Data supplied:
* * *

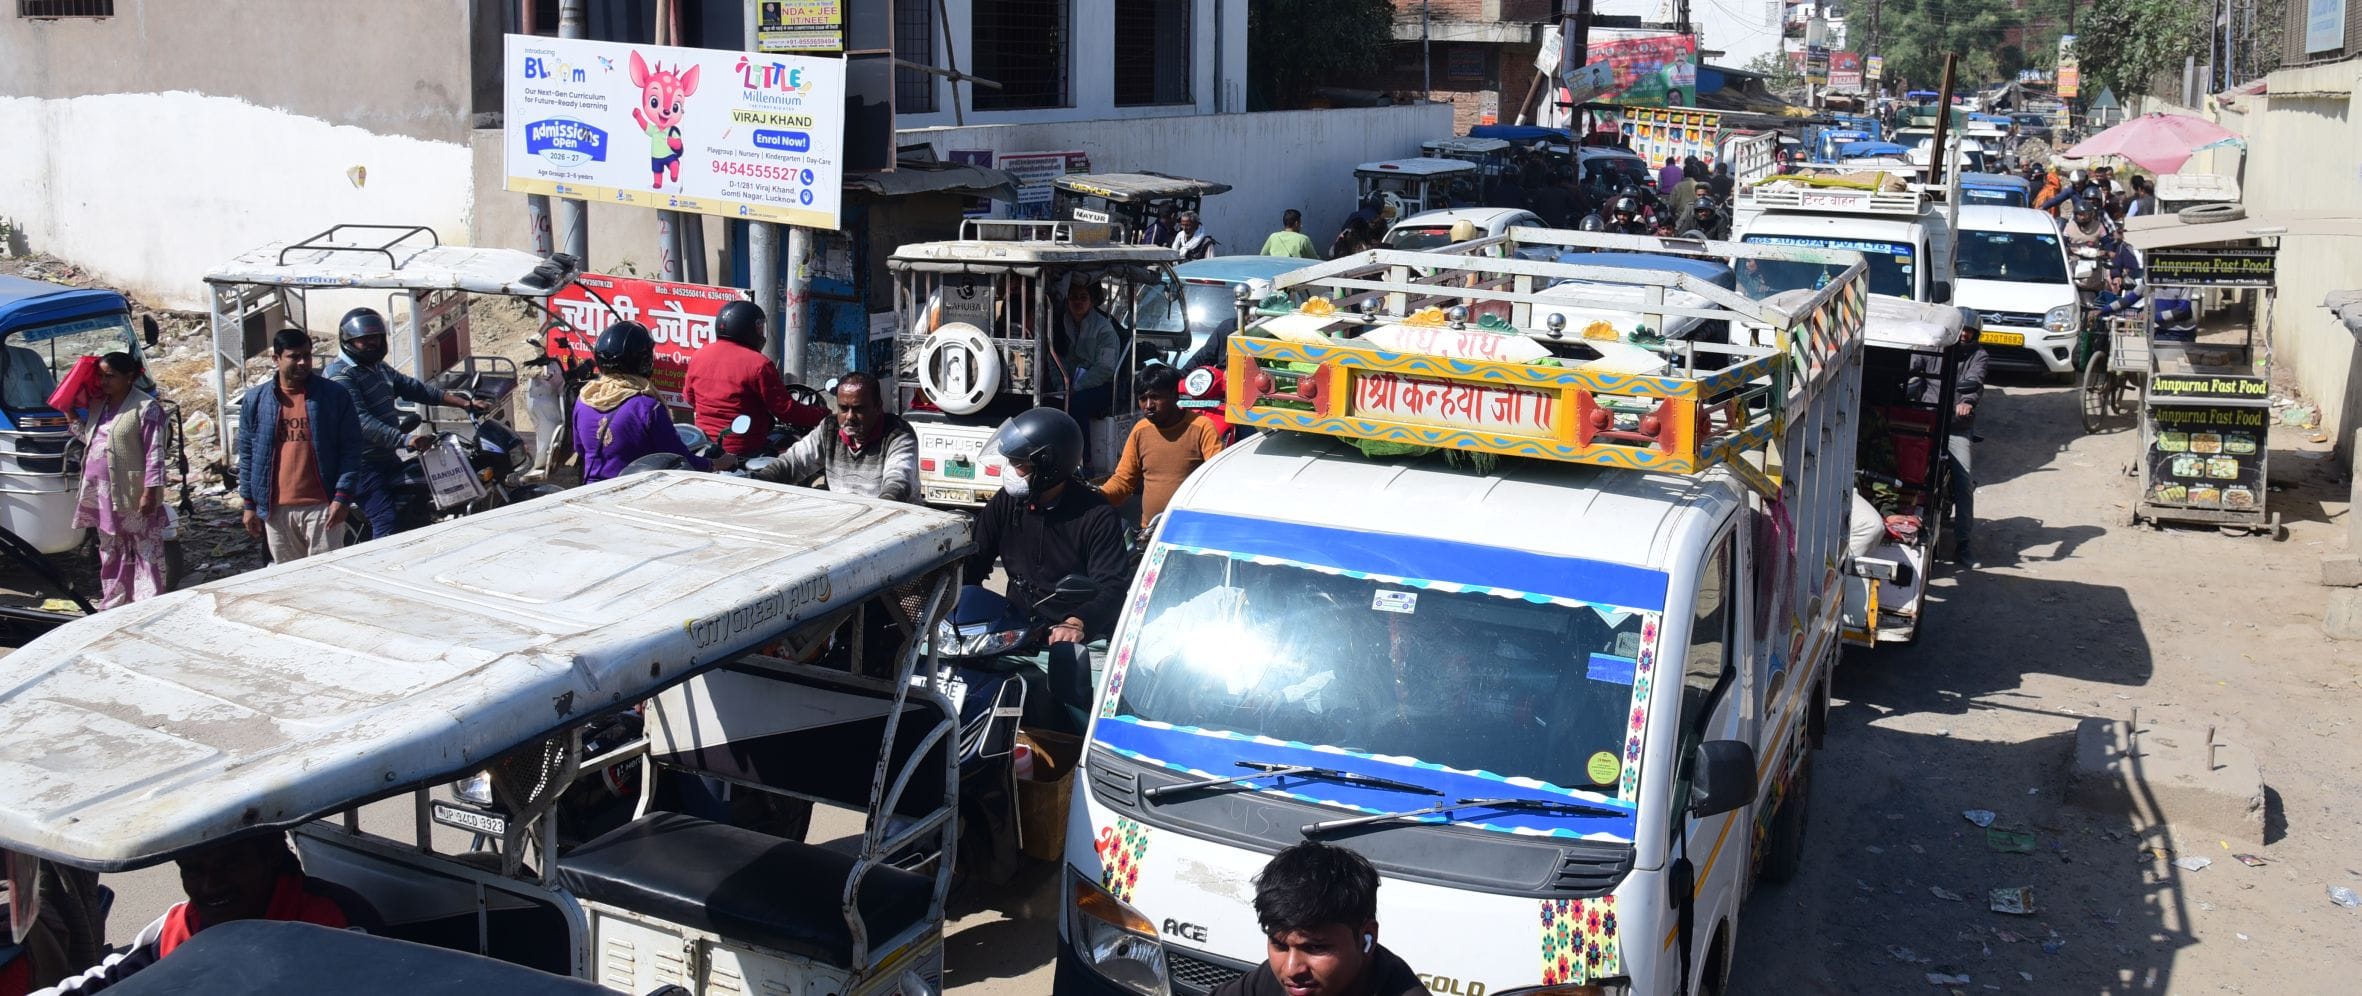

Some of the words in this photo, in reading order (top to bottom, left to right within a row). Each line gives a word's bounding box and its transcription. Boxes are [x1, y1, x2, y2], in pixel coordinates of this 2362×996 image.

[782, 7, 805, 16] NDA
[818, 7, 838, 15] JEE
[790, 16, 829, 24] IIT/NEET
[525, 48, 556, 57] Introducing
[525, 87, 536, 95] Our
[537, 89, 568, 98] Next-Gen
[569, 92, 606, 101] Curriculum
[743, 90, 802, 106] Millennium
[534, 97, 578, 109] Future-Ready
[579, 101, 608, 112] Learning
[733, 112, 767, 124] VIRAJ
[770, 114, 812, 127] KHAND
[756, 134, 780, 144] Enrol
[782, 136, 806, 147] Now!
[550, 152, 565, 161] 2026
[571, 154, 580, 162] 27
[707, 146, 734, 156] Playgroup
[738, 150, 760, 159] Nursery
[765, 152, 801, 163] Kindergarten
[806, 156, 832, 166] Day-Care
[712, 160, 798, 181] 9454555527
[755, 182, 771, 193] Viraj
[721, 189, 741, 198] Gomti
[765, 194, 796, 204] Lucknow
[1829, 196, 1856, 207] वाहन
[1075, 210, 1107, 222] MAYUR
[2152, 257, 2210, 276] Annpurna
[2212, 258, 2240, 274] Fast
[2241, 258, 2271, 274] Food
[648, 300, 718, 350] ज्वैल
[2152, 377, 2209, 394] Annpurna
[2211, 378, 2237, 394] Fast
[2238, 379, 2267, 395] Food
[2154, 408, 2207, 427] Annpurna
[2208, 409, 2233, 425] Fast
[2235, 410, 2263, 426] Food
[789, 573, 832, 614] AUTO
[443, 809, 454, 820] UP
[1162, 917, 1208, 944] ACE

* * *

Problem statement:
Pictures are to be omitted; set down the rest of the entries exactly as given.

Response to the task:
Some of the words in this photo, in reading order (top to bottom, left to right within a row). Each line gives a word's bounding box and its transcription. Boxes are [x1, y1, x2, y2], in pixel coordinates of this 2362×996 image.

[782, 7, 805, 16] NDA
[818, 7, 838, 15] JEE
[790, 16, 829, 24] IIT/NEET
[525, 48, 556, 57] Introducing
[525, 87, 536, 95] Our
[537, 89, 568, 98] Next-Gen
[569, 92, 606, 101] Curriculum
[743, 90, 802, 106] Millennium
[534, 97, 578, 109] Future-Ready
[579, 101, 608, 112] Learning
[733, 112, 767, 124] VIRAJ
[770, 114, 812, 127] KHAND
[756, 134, 780, 144] Enrol
[782, 136, 806, 147] Now!
[550, 152, 565, 161] 2026
[571, 154, 580, 162] 27
[707, 146, 734, 156] Playgroup
[738, 150, 760, 159] Nursery
[765, 152, 801, 163] Kindergarten
[806, 156, 832, 166] Day-Care
[712, 160, 798, 181] 9454555527
[755, 182, 771, 193] Viraj
[721, 189, 741, 198] Gomti
[765, 194, 796, 204] Lucknow
[1829, 196, 1856, 207] वाहन
[1075, 210, 1107, 222] MAYUR
[2152, 257, 2210, 276] Annpurna
[2212, 258, 2240, 274] Fast
[2241, 258, 2271, 274] Food
[648, 300, 718, 350] ज्वैल
[2152, 377, 2209, 394] Annpurna
[2211, 378, 2237, 394] Fast
[2238, 379, 2267, 395] Food
[2154, 408, 2207, 427] Annpurna
[2208, 409, 2233, 425] Fast
[2235, 410, 2263, 426] Food
[789, 573, 832, 614] AUTO
[443, 809, 454, 820] UP
[1162, 917, 1208, 944] ACE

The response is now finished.